MARTINSVILLE, Va. - The Martinsville City Council is putting a significant local contribution toward a proposed new state college initiative.

Meeting in a special called session Tuesday, Feb. 1, the Martinsville Council voted unanimously to commit $1 million over the next ten years to develop infrastructure to support a new college.

"The City of Martinsville has many needs that it must attend to for its residents, but establishing a state baccalaureate degree-granting college is of paramount and overriding importance to the wellbeing of our citizens, the rebirth of our economy and the cohesive progress of the Southside region," said Council's resolution.

"The Council does hereby pledge to the Commonwealth the sum of $1 million over the next ten years, whether in direct cash contribution or through in-kind services, to fund infrastructure improvements necessary to the establishment of a four-year, residential, baccalaureate degree-granting college in Martinsville or Henry County by 2007," said the resolution.

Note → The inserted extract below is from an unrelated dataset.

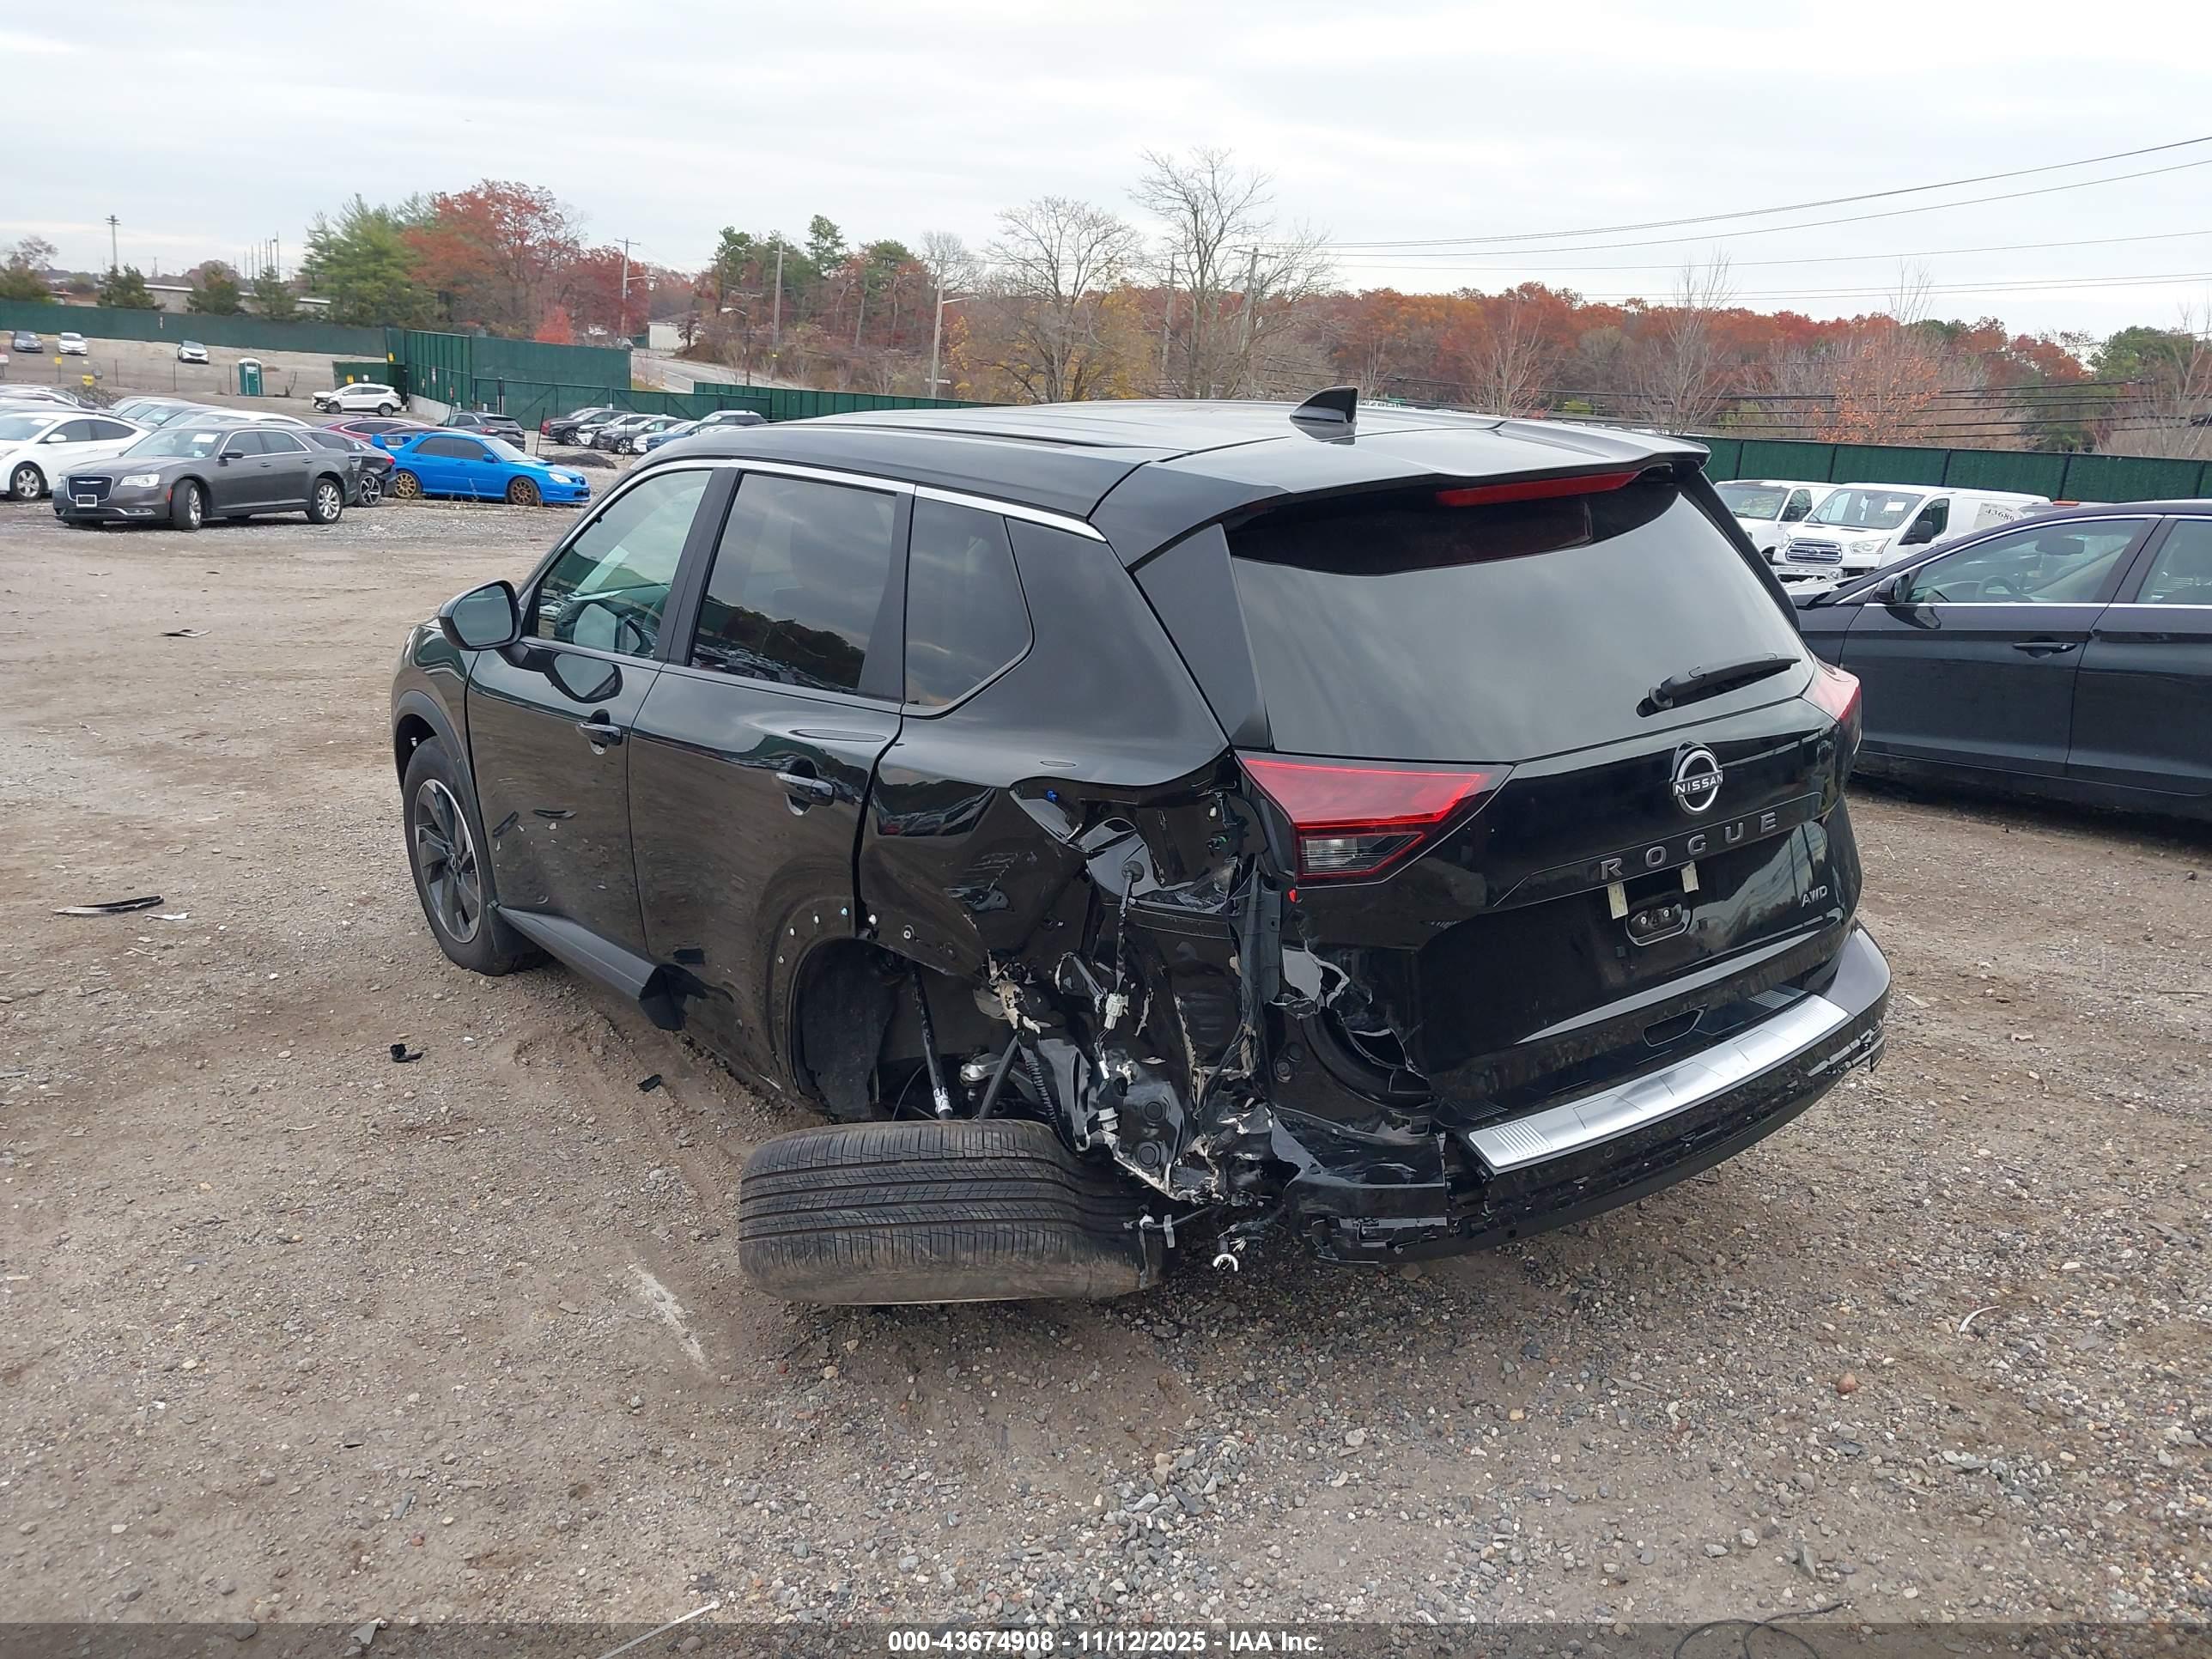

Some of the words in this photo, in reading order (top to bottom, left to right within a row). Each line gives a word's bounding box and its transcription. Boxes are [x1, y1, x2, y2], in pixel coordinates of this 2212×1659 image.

The city will commit to providing infrastructure improvements, whether through paying contractors or using city labor, expertise, real property and capital to pave for parking, construct curb, gutter and drainage, install electricity or telecommunications lines, renovate structures, connect to water & sewer service or meet any other infrastructural need.

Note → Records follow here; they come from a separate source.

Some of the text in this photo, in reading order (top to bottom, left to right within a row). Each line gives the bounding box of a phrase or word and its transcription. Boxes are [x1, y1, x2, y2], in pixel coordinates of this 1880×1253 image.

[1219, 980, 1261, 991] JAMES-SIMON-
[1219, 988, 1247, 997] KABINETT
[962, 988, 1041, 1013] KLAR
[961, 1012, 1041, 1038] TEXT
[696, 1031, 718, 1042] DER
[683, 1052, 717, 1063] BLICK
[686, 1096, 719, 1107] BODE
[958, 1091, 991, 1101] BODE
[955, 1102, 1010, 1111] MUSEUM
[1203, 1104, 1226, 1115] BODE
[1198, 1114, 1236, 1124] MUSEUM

"This is a critical need for Southside Virginia," said Mayor Joseph R. Cobbe. "Students from here have to travel long distances for bachelor's degrees that others around the Commonwealth do not. Unequal access to higher educational opportunity is unacceptable in today's economic climate."

Mayor Cobbe, Vice-Mayor Kimble Reynolds, City Manager R.R. "Dan" Collins and Communications Manager Matthew C. Hankins will present the initiative to state government leaders Friday morning at the state capital.

City officials are still working to determine a funding formula that pays for the extra $100,000 expense in each of the next ten years. The contribution may be paid for from year-end fund balances or sources to be determined.